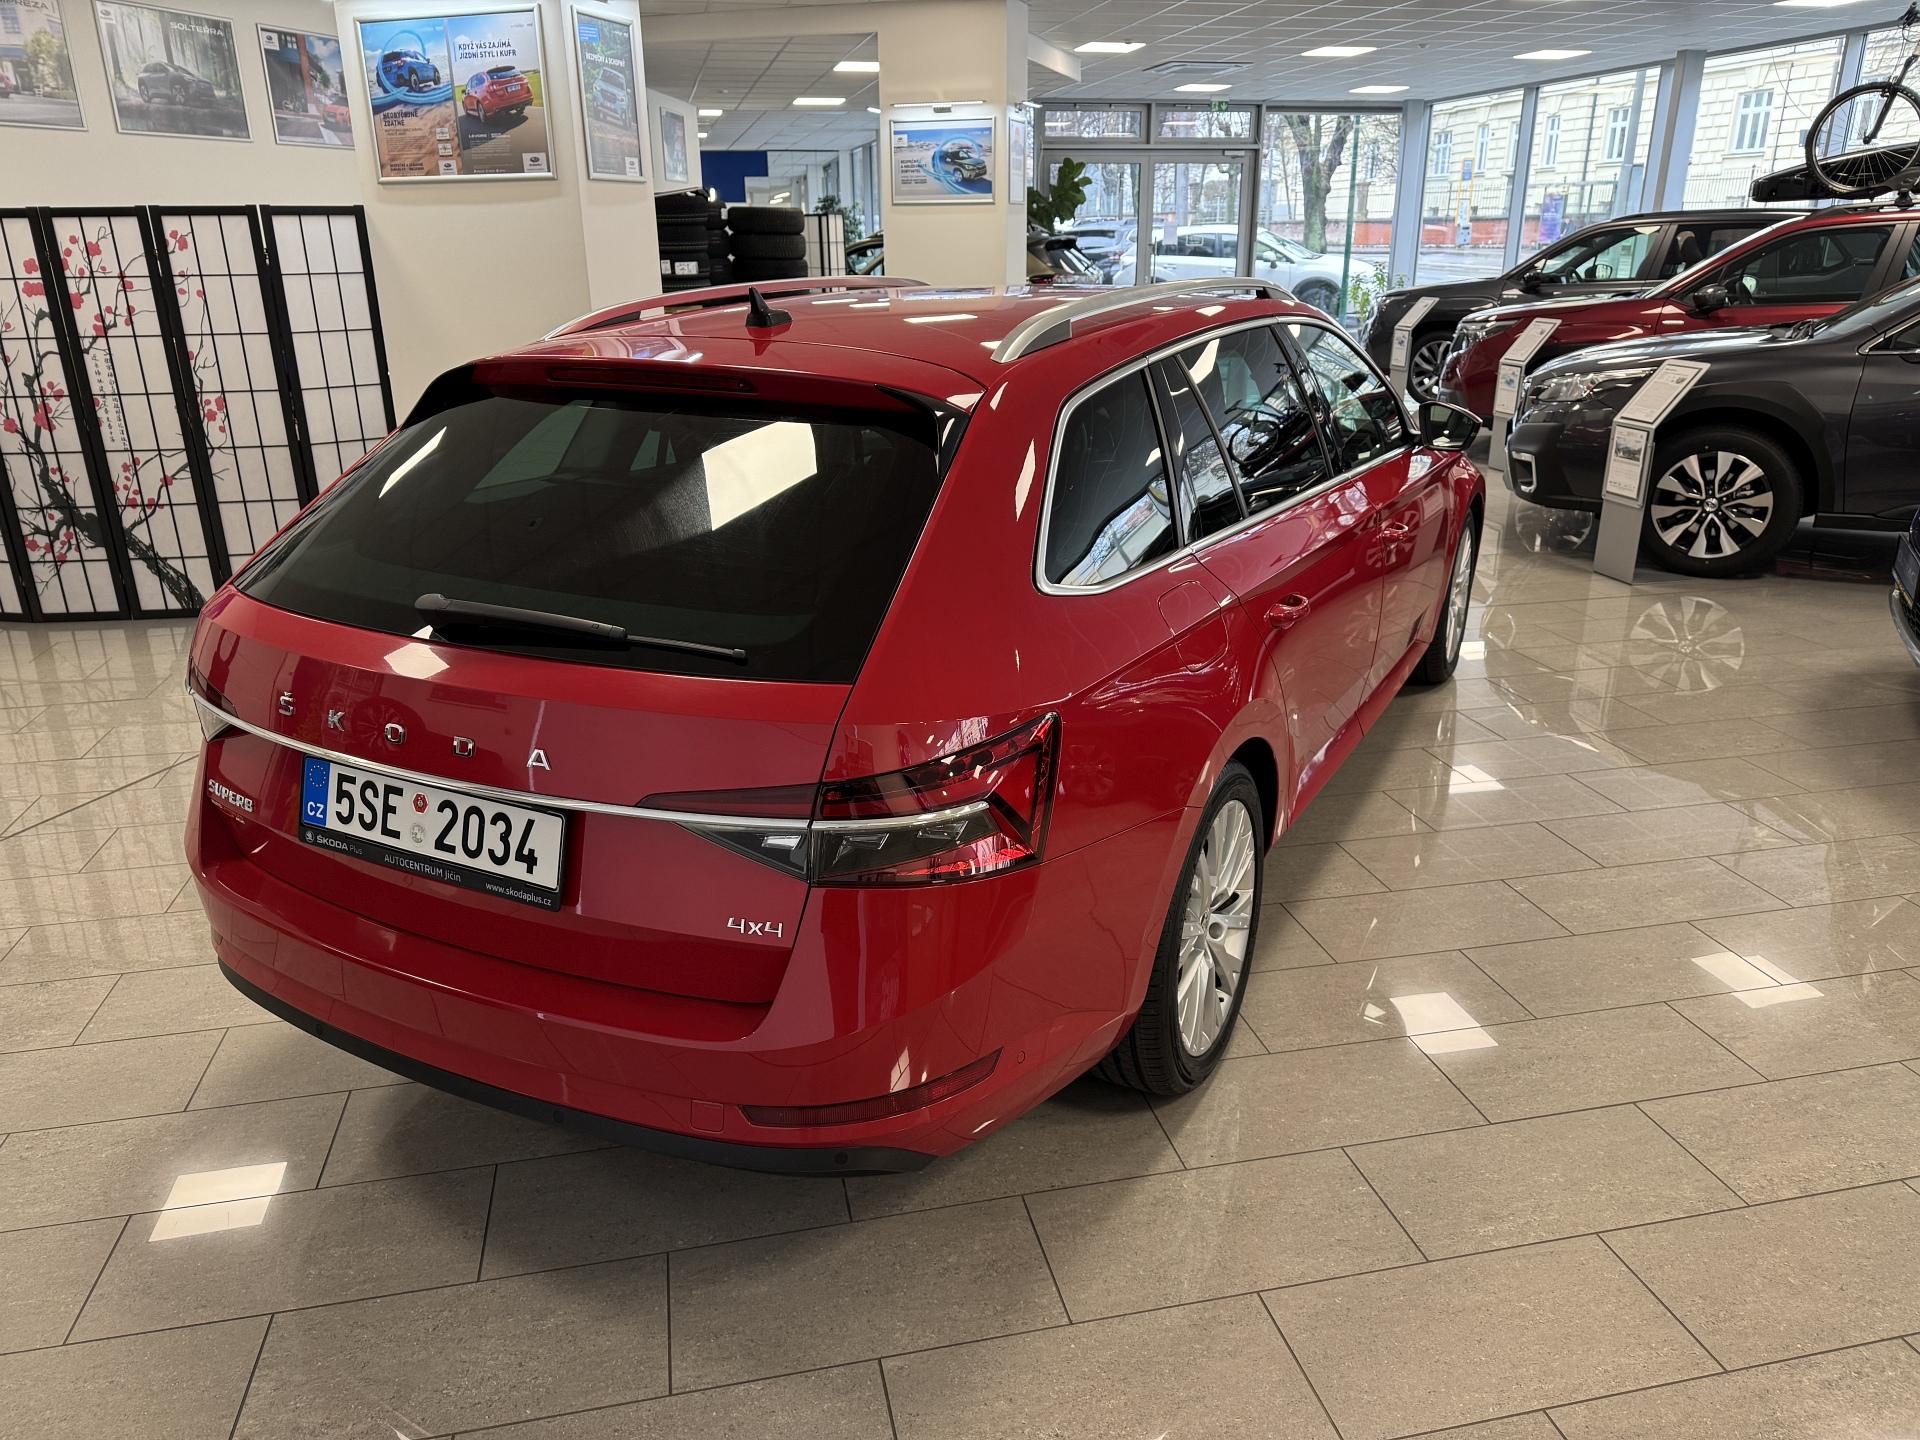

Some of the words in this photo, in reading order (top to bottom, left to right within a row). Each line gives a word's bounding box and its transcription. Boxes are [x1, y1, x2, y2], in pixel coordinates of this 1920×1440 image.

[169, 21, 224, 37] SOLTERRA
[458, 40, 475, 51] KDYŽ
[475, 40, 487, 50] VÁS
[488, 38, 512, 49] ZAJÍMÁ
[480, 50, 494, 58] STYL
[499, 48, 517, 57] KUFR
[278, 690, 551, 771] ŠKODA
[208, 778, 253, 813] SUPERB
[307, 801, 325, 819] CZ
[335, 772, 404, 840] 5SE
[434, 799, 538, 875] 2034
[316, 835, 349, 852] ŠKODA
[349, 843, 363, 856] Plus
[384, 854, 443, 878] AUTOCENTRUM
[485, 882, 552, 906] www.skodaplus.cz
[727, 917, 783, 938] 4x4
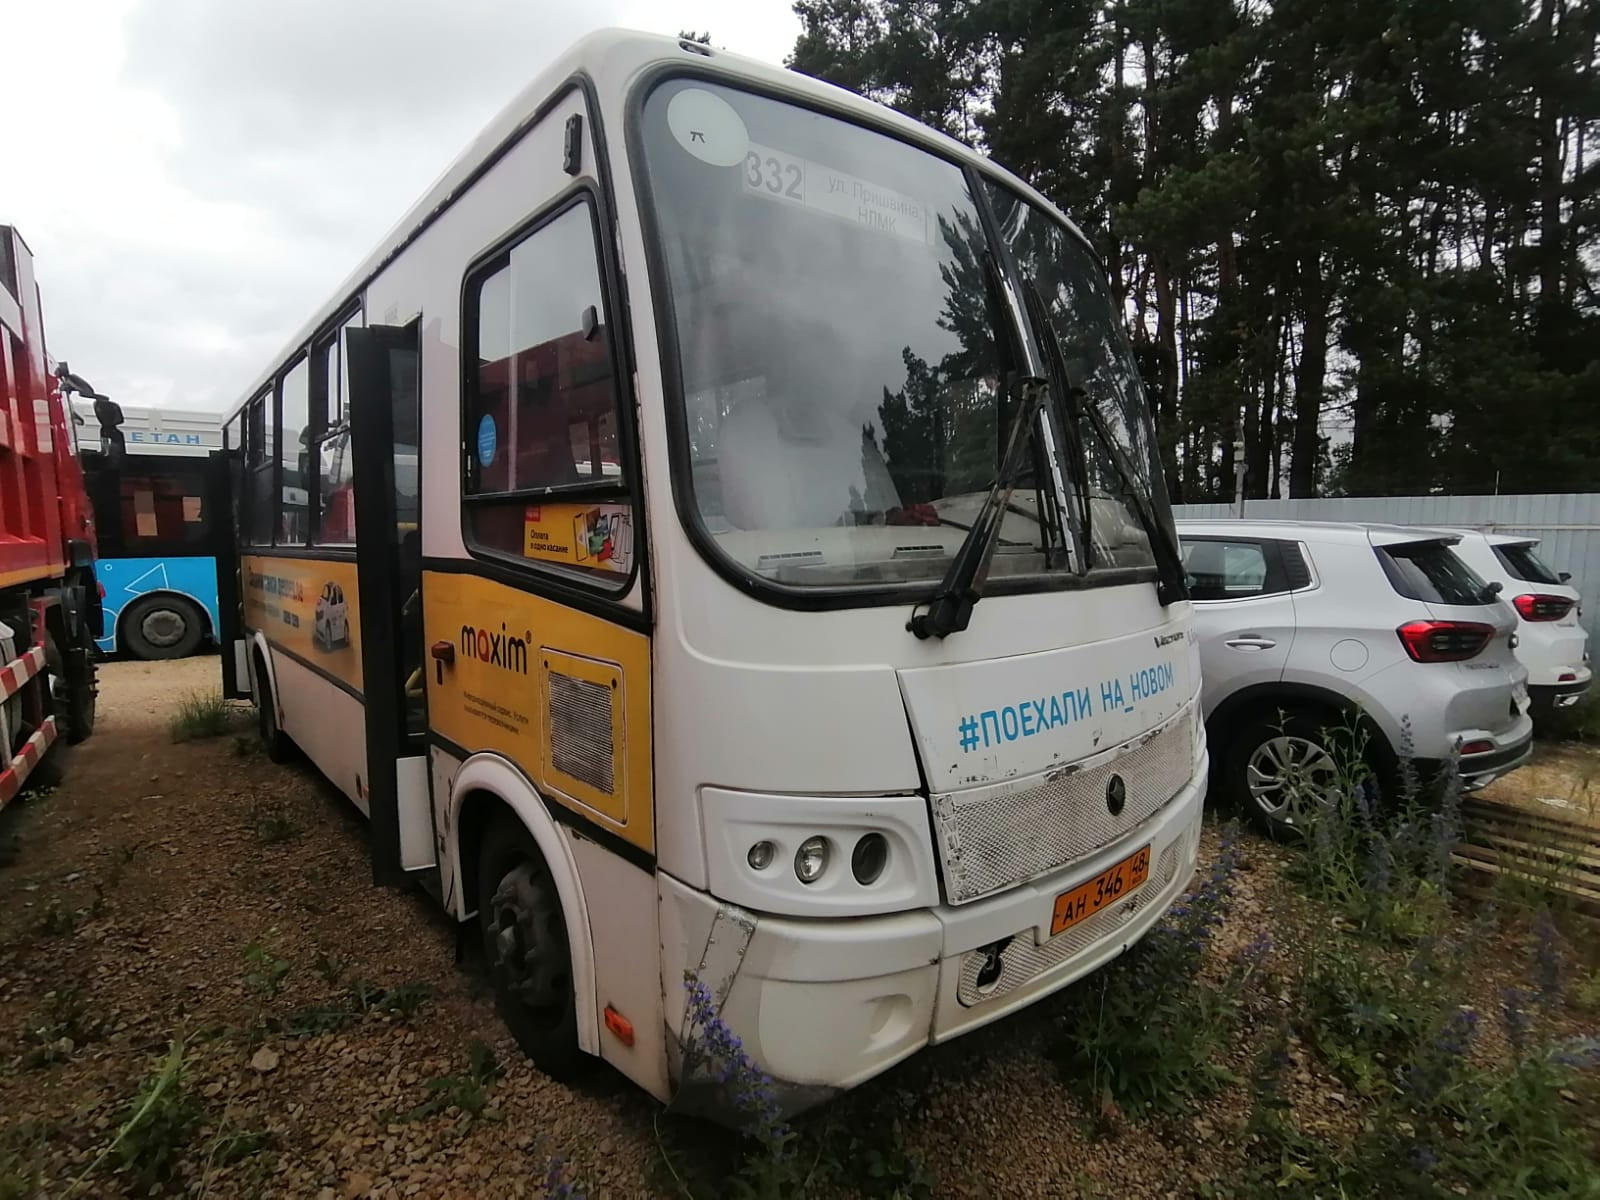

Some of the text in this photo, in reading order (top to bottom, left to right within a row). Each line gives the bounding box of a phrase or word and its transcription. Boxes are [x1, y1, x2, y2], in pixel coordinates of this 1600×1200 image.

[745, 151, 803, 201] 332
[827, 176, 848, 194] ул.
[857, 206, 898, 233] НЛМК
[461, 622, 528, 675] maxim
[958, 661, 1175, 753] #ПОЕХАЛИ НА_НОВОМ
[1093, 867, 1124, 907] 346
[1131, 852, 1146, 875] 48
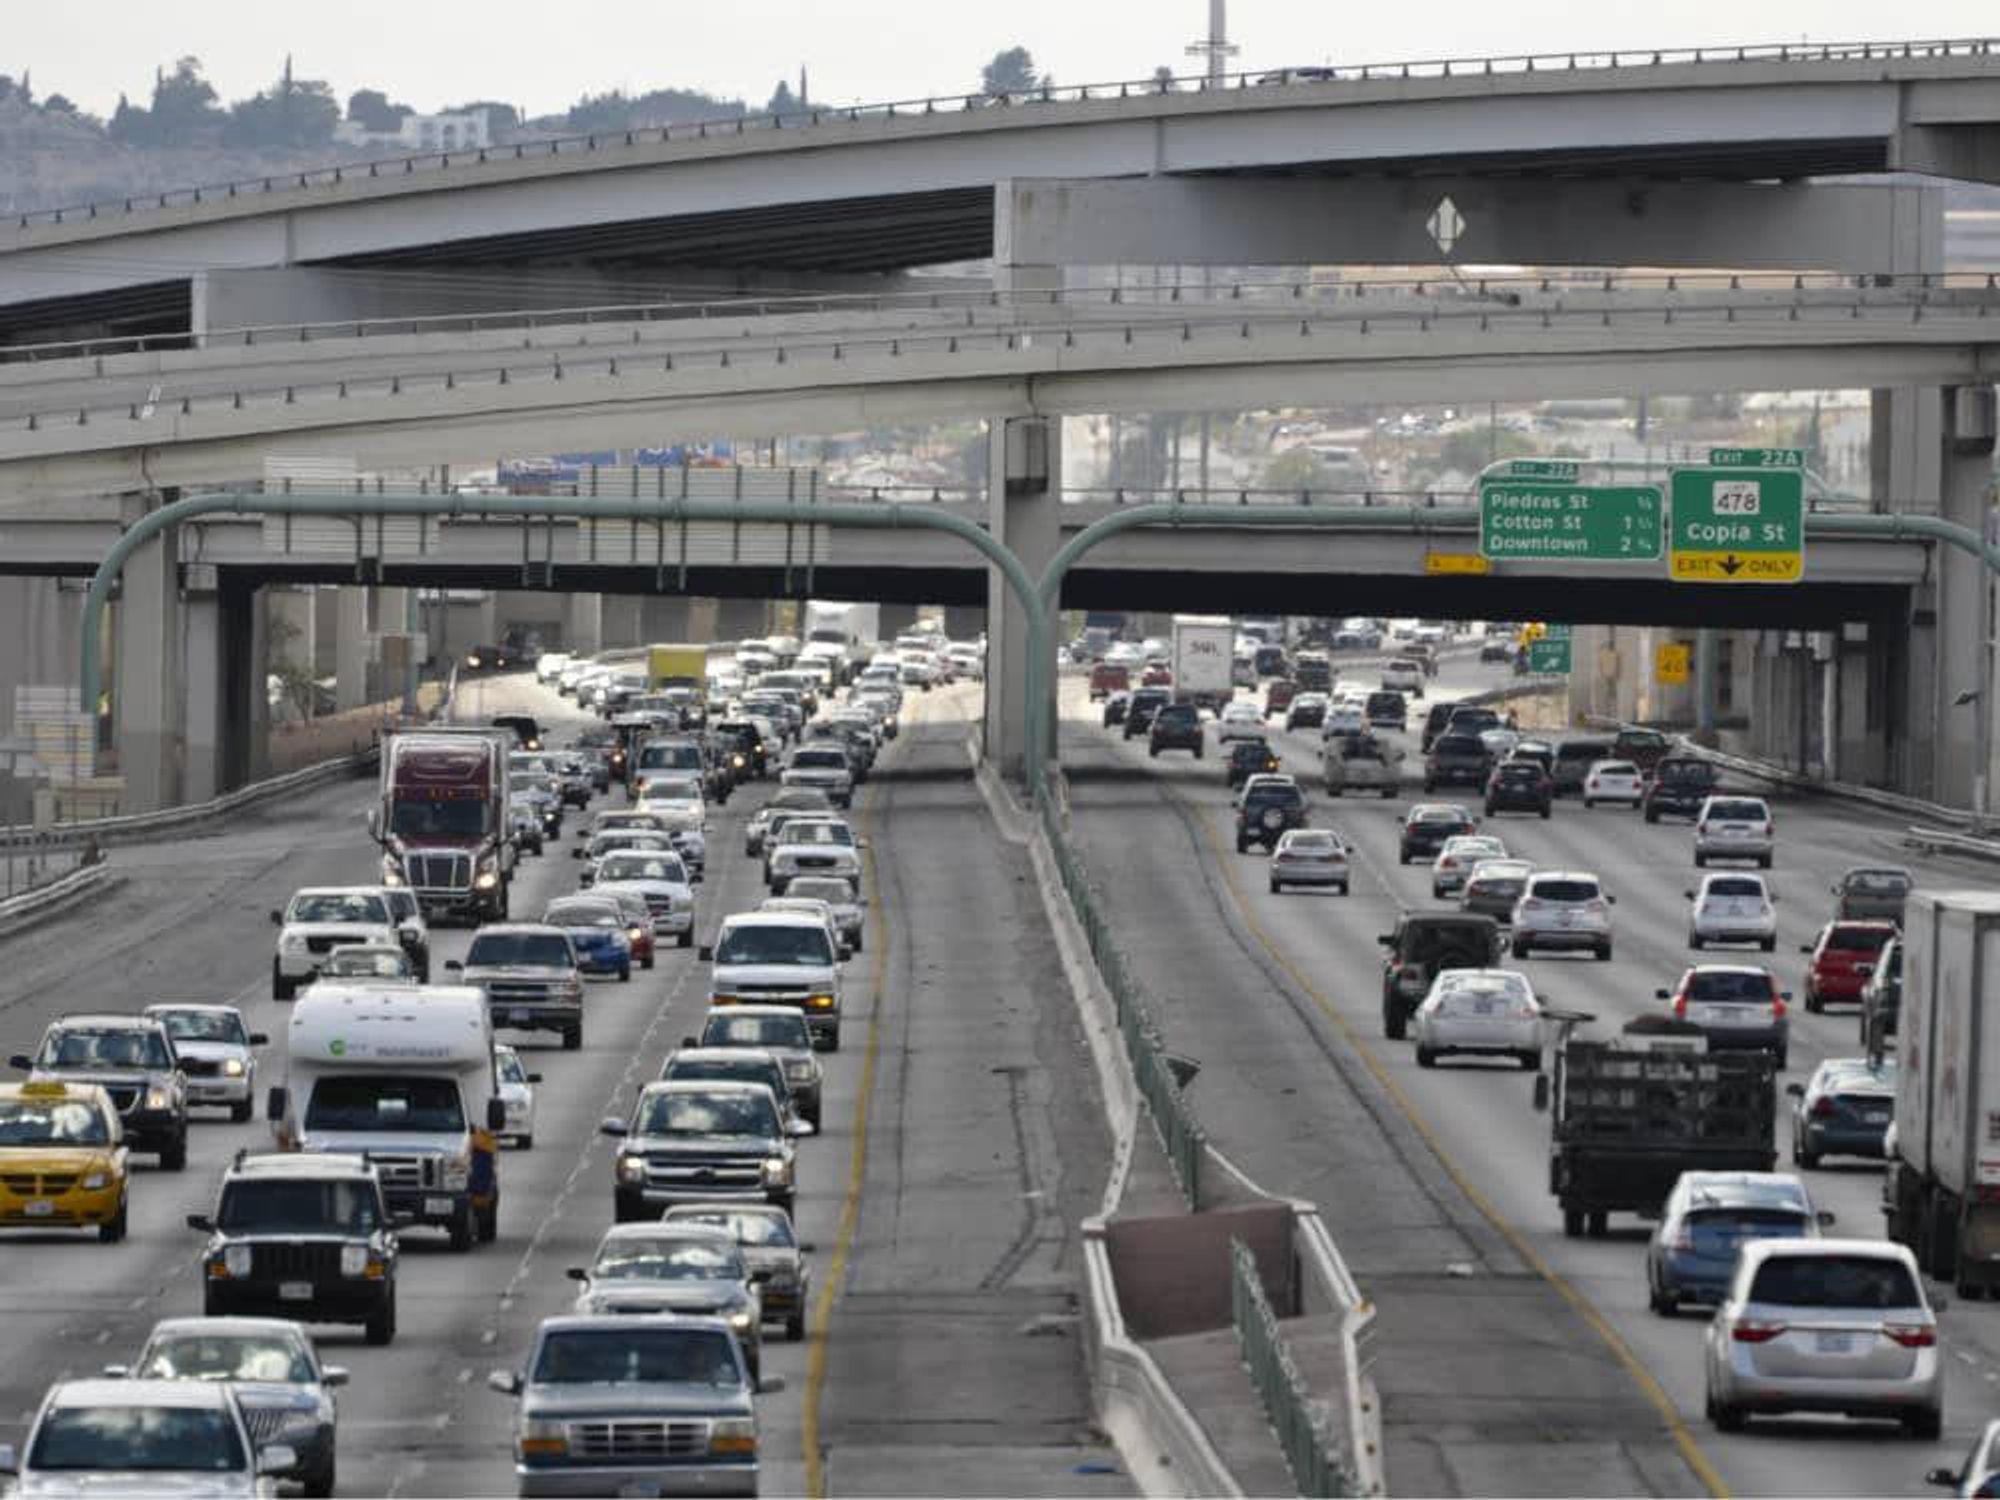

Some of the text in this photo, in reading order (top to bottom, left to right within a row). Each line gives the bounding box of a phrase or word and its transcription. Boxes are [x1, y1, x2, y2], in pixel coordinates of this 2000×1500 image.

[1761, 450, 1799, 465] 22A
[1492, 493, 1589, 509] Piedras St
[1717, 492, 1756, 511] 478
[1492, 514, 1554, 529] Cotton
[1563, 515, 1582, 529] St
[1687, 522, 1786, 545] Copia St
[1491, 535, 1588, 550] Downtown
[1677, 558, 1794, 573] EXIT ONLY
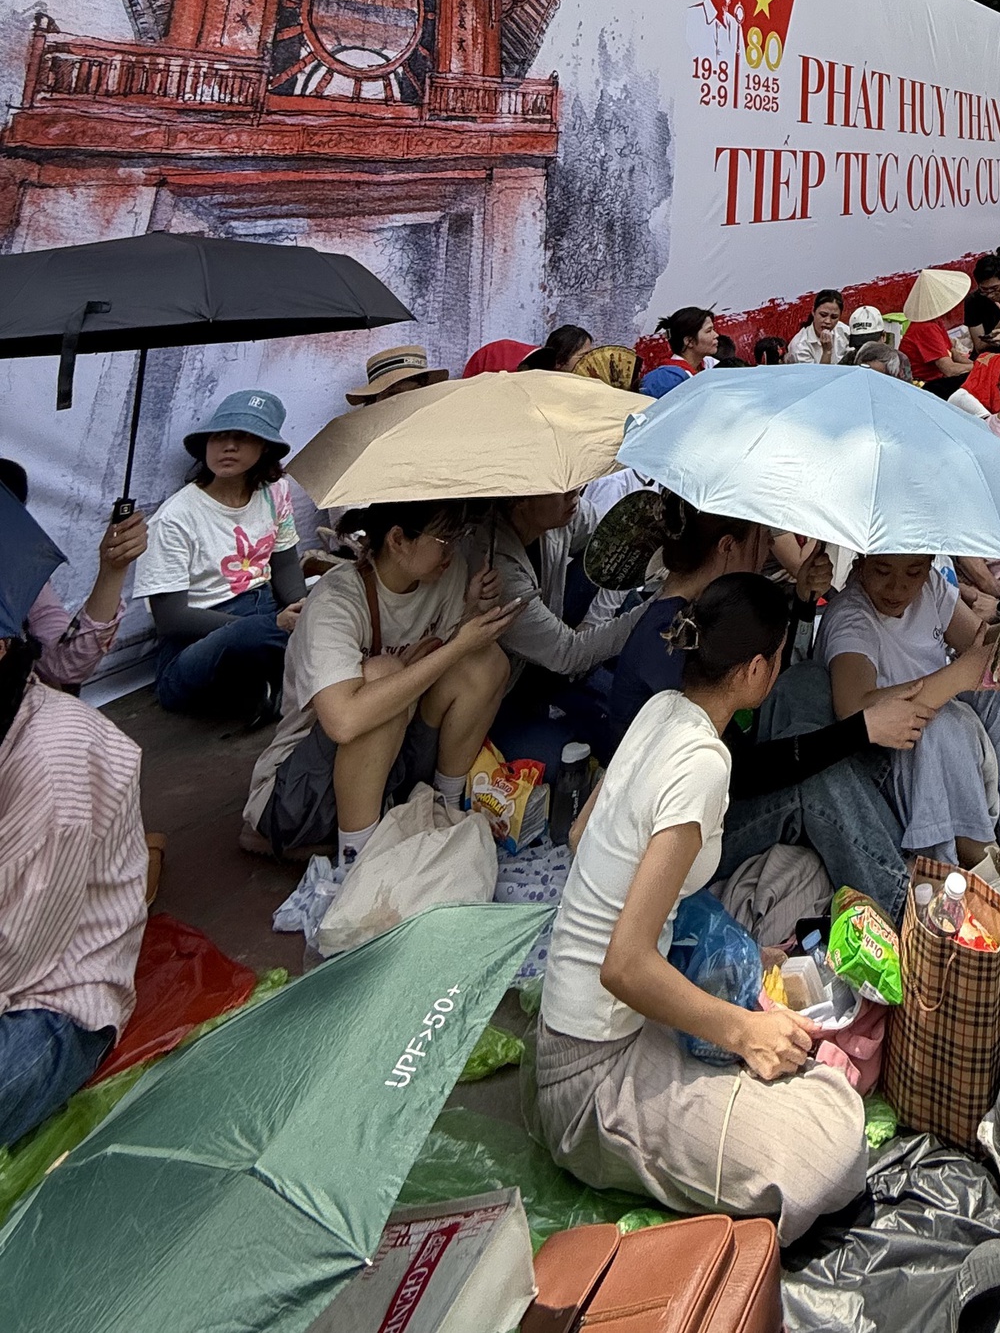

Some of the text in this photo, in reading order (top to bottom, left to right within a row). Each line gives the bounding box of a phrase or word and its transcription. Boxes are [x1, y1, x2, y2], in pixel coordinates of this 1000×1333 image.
════
## [BRIEF]
Drop the images and quote the entries word for word.

## [YOUR SOLUTION]
Some of the words in this photo, in reading order (top to bottom, left to right within a row). Each line gives a word's bounding box and its transcription. Boxes are [x1, y1, x2, y2], in pixel coordinates of this 1920×1440 image.

[169, 21, 224, 37] SOLTERRA
[458, 40, 475, 51] KDYŽ
[475, 40, 487, 50] VÁS
[488, 38, 512, 49] ZAJÍMÁ
[480, 50, 494, 58] STYL
[499, 48, 517, 57] KUFR
[278, 690, 551, 771] ŠKODA
[208, 778, 253, 813] SUPERB
[307, 801, 325, 819] CZ
[335, 772, 404, 840] 5SE
[434, 799, 538, 875] 2034
[316, 835, 349, 852] ŠKODA
[349, 843, 363, 856] Plus
[384, 854, 443, 878] AUTOCENTRUM
[485, 882, 552, 906] www.skodaplus.cz
[727, 917, 783, 938] 4x4

Some of the text in this photo, in reading order (top to bottom, left to right within a row). Each line gives the bounding box of a phrase or word and its transcription. Boxes are [x1, y1, x2, y2], in pixel coordinates of this 1600×1200 image.

[745, 151, 803, 201] 332
[827, 176, 848, 194] ул.
[857, 206, 898, 233] НЛМК
[461, 622, 528, 675] maxim
[958, 661, 1175, 753] #ПОЕХАЛИ НА_НОВОМ
[1093, 867, 1124, 907] 346
[1131, 852, 1146, 875] 48

Some of the text in this photo, in reading order (top to bottom, left to right within a row). Each line gives the bounding box of a phrase or word and its transcription. Boxes are [x1, y1, x2, y2], in pixel coordinates of this 2000×1500 image.

[1761, 450, 1799, 465] 22A
[1492, 493, 1589, 509] Piedras St
[1717, 492, 1756, 511] 478
[1492, 514, 1554, 529] Cotton
[1563, 515, 1582, 529] St
[1687, 522, 1786, 545] Copia St
[1491, 535, 1588, 550] Downtown
[1677, 558, 1794, 573] EXIT ONLY

Some of the text in this photo, in reading order (top to bottom, left to right within a row). Each line gives the bounding box of a phrase or word and its transcription. Boxes are [x1, y1, x2, y2], in pixel coordinates of this 1000×1333 image.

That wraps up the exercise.